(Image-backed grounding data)
= Beginning of Section =

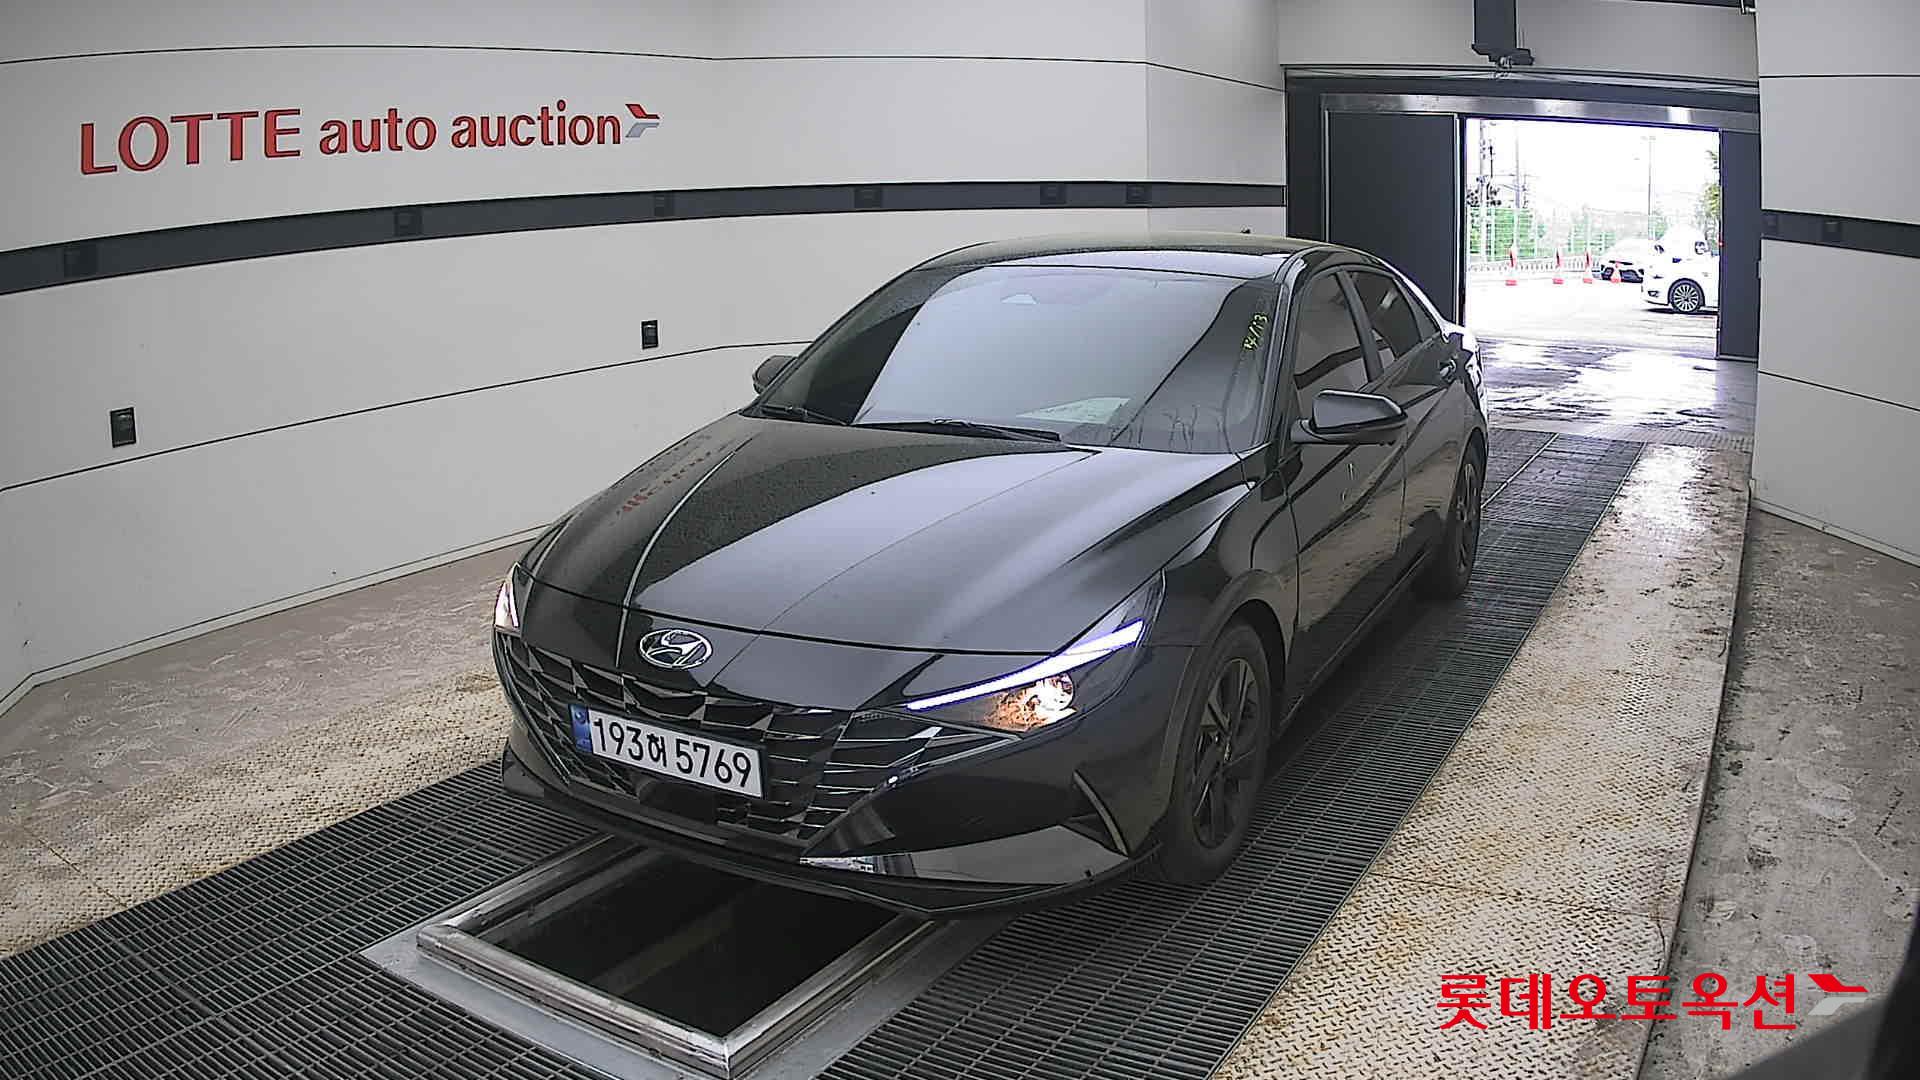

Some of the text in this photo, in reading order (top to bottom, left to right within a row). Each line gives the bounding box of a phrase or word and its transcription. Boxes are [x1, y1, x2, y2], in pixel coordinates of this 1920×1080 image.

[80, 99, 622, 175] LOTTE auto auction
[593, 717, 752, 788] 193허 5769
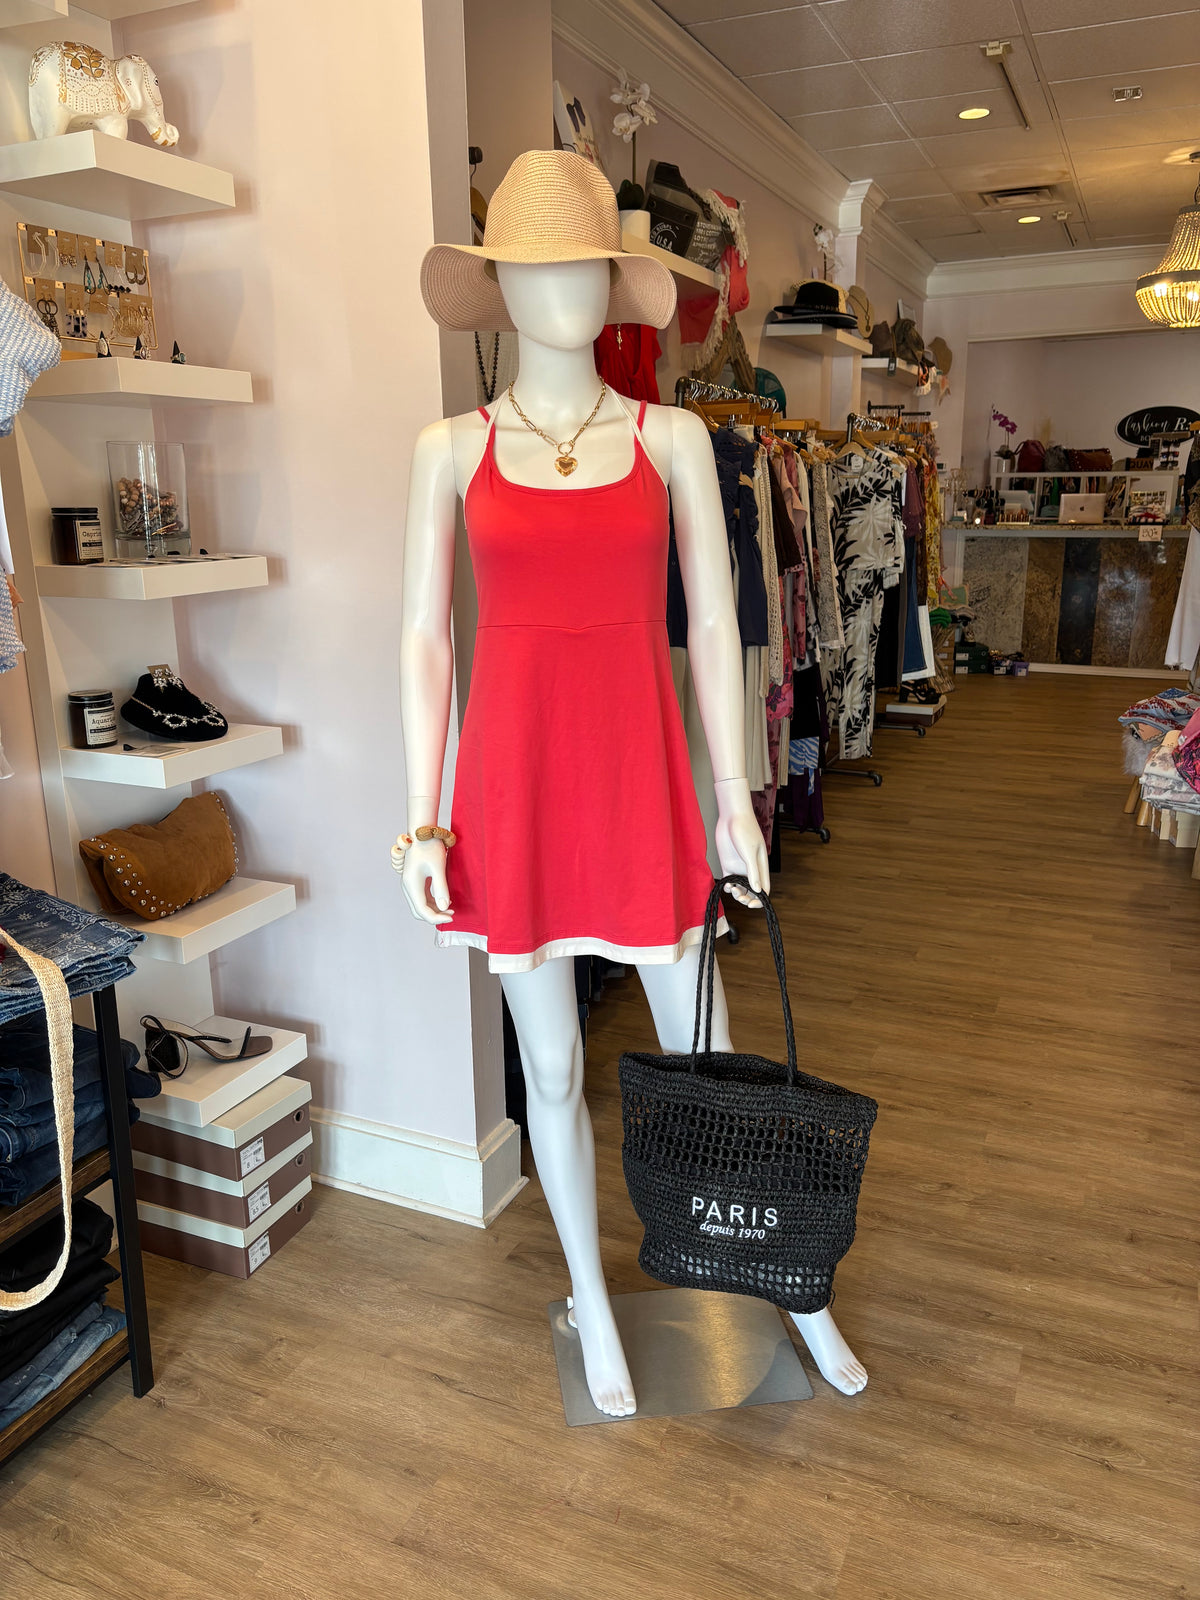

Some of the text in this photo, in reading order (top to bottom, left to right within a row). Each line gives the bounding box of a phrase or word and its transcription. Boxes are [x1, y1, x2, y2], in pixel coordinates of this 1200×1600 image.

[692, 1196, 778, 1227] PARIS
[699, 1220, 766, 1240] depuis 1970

= End of Section =

* _Problem_
In the copy, every entry must appear exactly as written, and no picture may appear.

* _Result of the task_
Some of the text in this photo, in reading order (top to bottom, left to right within a row). Each line gives the bounding box of a phrase or word and its transcription. Boxes are [x1, y1, x2, y2], in pixel coordinates of this 1920×1080 image.

[80, 99, 622, 175] LOTTE auto auction
[593, 717, 752, 788] 193허 5769

Some of the text in this photo, in reading order (top to bottom, left to right within a row). Each line gives the bounding box of a phrase or word and its transcription. Boxes are [x1, y1, x2, y2], in pixel coordinates of this 1200×1600 image.

[692, 1196, 778, 1227] PARIS
[699, 1220, 766, 1240] depuis 1970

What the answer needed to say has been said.